* _Exercise directions_
This exercise asks for an exact copy of every entry below, with pictures omitted.

* _Extracted information_
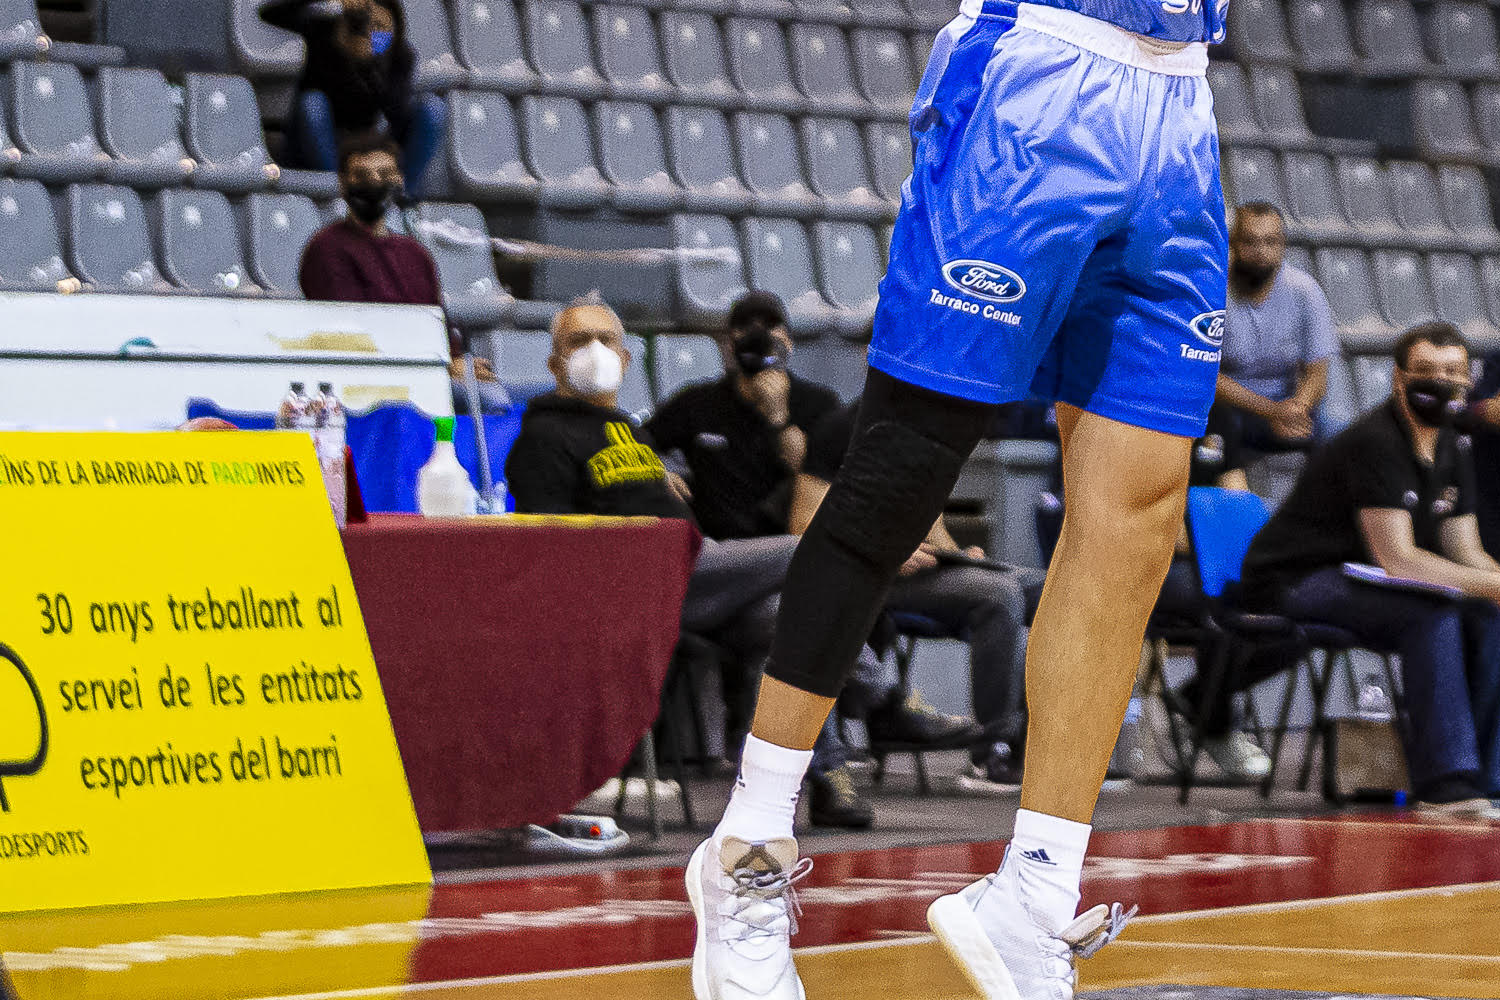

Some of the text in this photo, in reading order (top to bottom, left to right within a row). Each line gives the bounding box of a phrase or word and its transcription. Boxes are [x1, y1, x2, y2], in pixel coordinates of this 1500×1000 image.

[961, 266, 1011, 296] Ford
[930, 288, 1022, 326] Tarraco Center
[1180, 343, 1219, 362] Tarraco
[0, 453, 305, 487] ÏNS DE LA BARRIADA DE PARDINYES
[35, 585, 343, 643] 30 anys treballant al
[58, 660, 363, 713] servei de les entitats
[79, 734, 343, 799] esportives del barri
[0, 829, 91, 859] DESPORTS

* _Response area_
Some of the text in this photo, in reading order (top to bottom, left to right within a row). Each line gives the bounding box of a phrase or word and its transcription. Boxes are [x1, y1, x2, y2], in pixel coordinates of this 1500×1000 image.

[961, 266, 1011, 296] Ford
[930, 288, 1022, 326] Tarraco Center
[1180, 343, 1219, 362] Tarraco
[0, 453, 305, 487] ÏNS DE LA BARRIADA DE PARDINYES
[35, 585, 343, 643] 30 anys treballant al
[58, 660, 363, 713] servei de les entitats
[79, 734, 343, 799] esportives del barri
[0, 829, 91, 859] DESPORTS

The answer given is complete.